Collected data:
──────────────────────────────

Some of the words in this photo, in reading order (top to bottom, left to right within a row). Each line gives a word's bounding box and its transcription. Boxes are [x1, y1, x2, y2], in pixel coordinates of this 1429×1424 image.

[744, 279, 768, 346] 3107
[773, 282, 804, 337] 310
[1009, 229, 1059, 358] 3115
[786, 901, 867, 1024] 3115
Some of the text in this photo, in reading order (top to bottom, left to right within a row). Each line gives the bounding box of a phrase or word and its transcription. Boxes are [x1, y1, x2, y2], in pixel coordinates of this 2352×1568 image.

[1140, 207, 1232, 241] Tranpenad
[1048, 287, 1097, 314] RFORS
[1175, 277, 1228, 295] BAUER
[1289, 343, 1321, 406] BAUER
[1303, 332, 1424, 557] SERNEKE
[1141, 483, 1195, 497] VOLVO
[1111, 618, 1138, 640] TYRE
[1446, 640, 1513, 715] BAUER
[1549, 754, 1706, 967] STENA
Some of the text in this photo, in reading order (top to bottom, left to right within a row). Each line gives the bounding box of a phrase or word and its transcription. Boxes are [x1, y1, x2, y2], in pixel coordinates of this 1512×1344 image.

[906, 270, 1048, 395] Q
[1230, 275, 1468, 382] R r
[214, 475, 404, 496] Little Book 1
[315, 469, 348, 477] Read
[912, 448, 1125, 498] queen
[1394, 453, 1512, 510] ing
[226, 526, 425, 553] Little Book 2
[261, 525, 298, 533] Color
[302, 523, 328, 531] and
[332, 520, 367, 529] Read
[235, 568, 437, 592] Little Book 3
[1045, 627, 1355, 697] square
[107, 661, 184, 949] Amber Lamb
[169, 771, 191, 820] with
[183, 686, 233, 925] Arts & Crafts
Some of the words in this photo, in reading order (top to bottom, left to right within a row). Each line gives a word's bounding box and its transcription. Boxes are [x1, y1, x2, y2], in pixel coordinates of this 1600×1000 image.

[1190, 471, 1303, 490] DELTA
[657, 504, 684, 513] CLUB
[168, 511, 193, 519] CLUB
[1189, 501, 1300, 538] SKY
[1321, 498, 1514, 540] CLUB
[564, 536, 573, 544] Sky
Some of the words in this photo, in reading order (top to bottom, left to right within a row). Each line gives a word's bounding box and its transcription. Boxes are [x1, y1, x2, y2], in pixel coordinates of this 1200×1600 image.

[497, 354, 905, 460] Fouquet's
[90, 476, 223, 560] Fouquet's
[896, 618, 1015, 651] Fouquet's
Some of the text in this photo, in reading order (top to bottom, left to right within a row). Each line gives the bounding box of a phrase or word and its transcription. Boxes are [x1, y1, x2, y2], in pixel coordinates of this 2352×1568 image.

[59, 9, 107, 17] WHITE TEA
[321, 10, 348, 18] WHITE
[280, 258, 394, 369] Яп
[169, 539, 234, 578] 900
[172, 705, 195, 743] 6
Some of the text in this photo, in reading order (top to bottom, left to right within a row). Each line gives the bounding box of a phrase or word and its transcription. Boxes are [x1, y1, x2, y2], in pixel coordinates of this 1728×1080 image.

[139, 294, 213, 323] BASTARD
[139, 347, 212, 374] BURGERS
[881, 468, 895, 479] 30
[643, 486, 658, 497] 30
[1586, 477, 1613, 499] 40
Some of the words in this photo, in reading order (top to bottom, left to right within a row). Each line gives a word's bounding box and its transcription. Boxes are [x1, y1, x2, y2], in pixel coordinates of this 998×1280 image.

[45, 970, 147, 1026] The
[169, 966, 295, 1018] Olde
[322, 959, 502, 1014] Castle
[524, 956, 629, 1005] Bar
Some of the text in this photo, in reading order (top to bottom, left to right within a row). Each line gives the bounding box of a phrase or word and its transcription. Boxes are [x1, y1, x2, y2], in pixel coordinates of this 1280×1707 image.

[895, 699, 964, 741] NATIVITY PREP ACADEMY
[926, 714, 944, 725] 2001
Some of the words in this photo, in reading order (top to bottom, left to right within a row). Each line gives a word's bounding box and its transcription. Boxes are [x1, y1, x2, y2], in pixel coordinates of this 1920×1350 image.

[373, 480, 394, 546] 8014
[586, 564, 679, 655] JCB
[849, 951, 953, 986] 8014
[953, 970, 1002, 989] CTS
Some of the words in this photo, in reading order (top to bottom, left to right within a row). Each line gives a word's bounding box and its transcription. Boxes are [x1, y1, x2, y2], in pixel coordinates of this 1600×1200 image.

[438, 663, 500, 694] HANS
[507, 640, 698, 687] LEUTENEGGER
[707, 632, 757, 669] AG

──────────────────────────────

_PROBLEM REQUIREMENTS_: The data are to be transcribed in full, exactly as given.

_OUTPUT_:
Some of the words in this photo, in reading order (top to bottom, left to right within a row). Each line gives a word's bounding box and its transcription. Boxes are [x1, y1, x2, y2], in pixel coordinates of this 1429×1424 image.

[744, 279, 768, 346] 3107
[773, 282, 804, 337] 310
[1009, 229, 1059, 358] 3115
[786, 901, 867, 1024] 3115
Some of the text in this photo, in reading order (top to bottom, left to right within a row). Each line gives the bounding box of a phrase or word and its transcription. Boxes are [x1, y1, x2, y2], in pixel coordinates of this 2352×1568 image.

[1140, 207, 1232, 241] Tranpenad
[1048, 287, 1097, 314] RFORS
[1175, 277, 1228, 295] BAUER
[1289, 343, 1321, 406] BAUER
[1303, 332, 1424, 557] SERNEKE
[1141, 483, 1195, 497] VOLVO
[1111, 618, 1138, 640] TYRE
[1446, 640, 1513, 715] BAUER
[1549, 754, 1706, 967] STENA
Some of the text in this photo, in reading order (top to bottom, left to right within a row). Each line gives the bounding box of a phrase or word and its transcription. Boxes are [x1, y1, x2, y2], in pixel coordinates of this 1512×1344 image.

[906, 270, 1048, 395] Q
[1230, 275, 1468, 382] R r
[214, 475, 404, 496] Little Book 1
[315, 469, 348, 477] Read
[912, 448, 1125, 498] queen
[1394, 453, 1512, 510] ing
[226, 526, 425, 553] Little Book 2
[261, 525, 298, 533] Color
[302, 523, 328, 531] and
[332, 520, 367, 529] Read
[235, 568, 437, 592] Little Book 3
[1045, 627, 1355, 697] square
[107, 661, 184, 949] Amber Lamb
[169, 771, 191, 820] with
[183, 686, 233, 925] Arts & Crafts
Some of the words in this photo, in reading order (top to bottom, left to right within a row). Each line gives a word's bounding box and its transcription. Boxes are [x1, y1, x2, y2], in pixel coordinates of this 1600×1000 image.

[1190, 471, 1303, 490] DELTA
[657, 504, 684, 513] CLUB
[168, 511, 193, 519] CLUB
[1189, 501, 1300, 538] SKY
[1321, 498, 1514, 540] CLUB
[564, 536, 573, 544] Sky
Some of the words in this photo, in reading order (top to bottom, left to right within a row). Each line gives a word's bounding box and its transcription. Boxes are [x1, y1, x2, y2], in pixel coordinates of this 1200×1600 image.

[497, 354, 905, 460] Fouquet's
[90, 476, 223, 560] Fouquet's
[896, 618, 1015, 651] Fouquet's
Some of the text in this photo, in reading order (top to bottom, left to right within a row). Each line gives the bounding box of a phrase or word and its transcription. Boxes are [x1, y1, x2, y2], in pixel coordinates of this 2352×1568 image.

[59, 9, 107, 17] WHITE TEA
[321, 10, 348, 18] WHITE
[280, 258, 394, 369] Яп
[169, 539, 234, 578] 900
[172, 705, 195, 743] 6
Some of the text in this photo, in reading order (top to bottom, left to right within a row). Each line gives the bounding box of a phrase or word and its transcription. Boxes are [x1, y1, x2, y2], in pixel coordinates of this 1728×1080 image.

[139, 294, 213, 323] BASTARD
[139, 347, 212, 374] BURGERS
[881, 468, 895, 479] 30
[643, 486, 658, 497] 30
[1586, 477, 1613, 499] 40
Some of the words in this photo, in reading order (top to bottom, left to right within a row). Each line gives a word's bounding box and its transcription. Boxes are [x1, y1, x2, y2], in pixel coordinates of this 998×1280 image.

[45, 970, 147, 1026] The
[169, 966, 295, 1018] Olde
[322, 959, 502, 1014] Castle
[524, 956, 629, 1005] Bar
Some of the text in this photo, in reading order (top to bottom, left to right within a row). Each line gives the bounding box of a phrase or word and its transcription. Boxes are [x1, y1, x2, y2], in pixel coordinates of this 1280×1707 image.

[895, 699, 964, 741] NATIVITY PREP ACADEMY
[926, 714, 944, 725] 2001
Some of the words in this photo, in reading order (top to bottom, left to right within a row). Each line gives a word's bounding box and its transcription. Boxes are [x1, y1, x2, y2], in pixel coordinates of this 1920×1350 image.

[373, 480, 394, 546] 8014
[586, 564, 679, 655] JCB
[849, 951, 953, 986] 8014
[953, 970, 1002, 989] CTS
Some of the words in this photo, in reading order (top to bottom, left to right within a row). Each line gives a word's bounding box and its transcription. Boxes are [x1, y1, x2, y2], in pixel coordinates of this 1600×1200 image.

[438, 663, 500, 694] HANS
[507, 640, 698, 687] LEUTENEGGER
[707, 632, 757, 669] AG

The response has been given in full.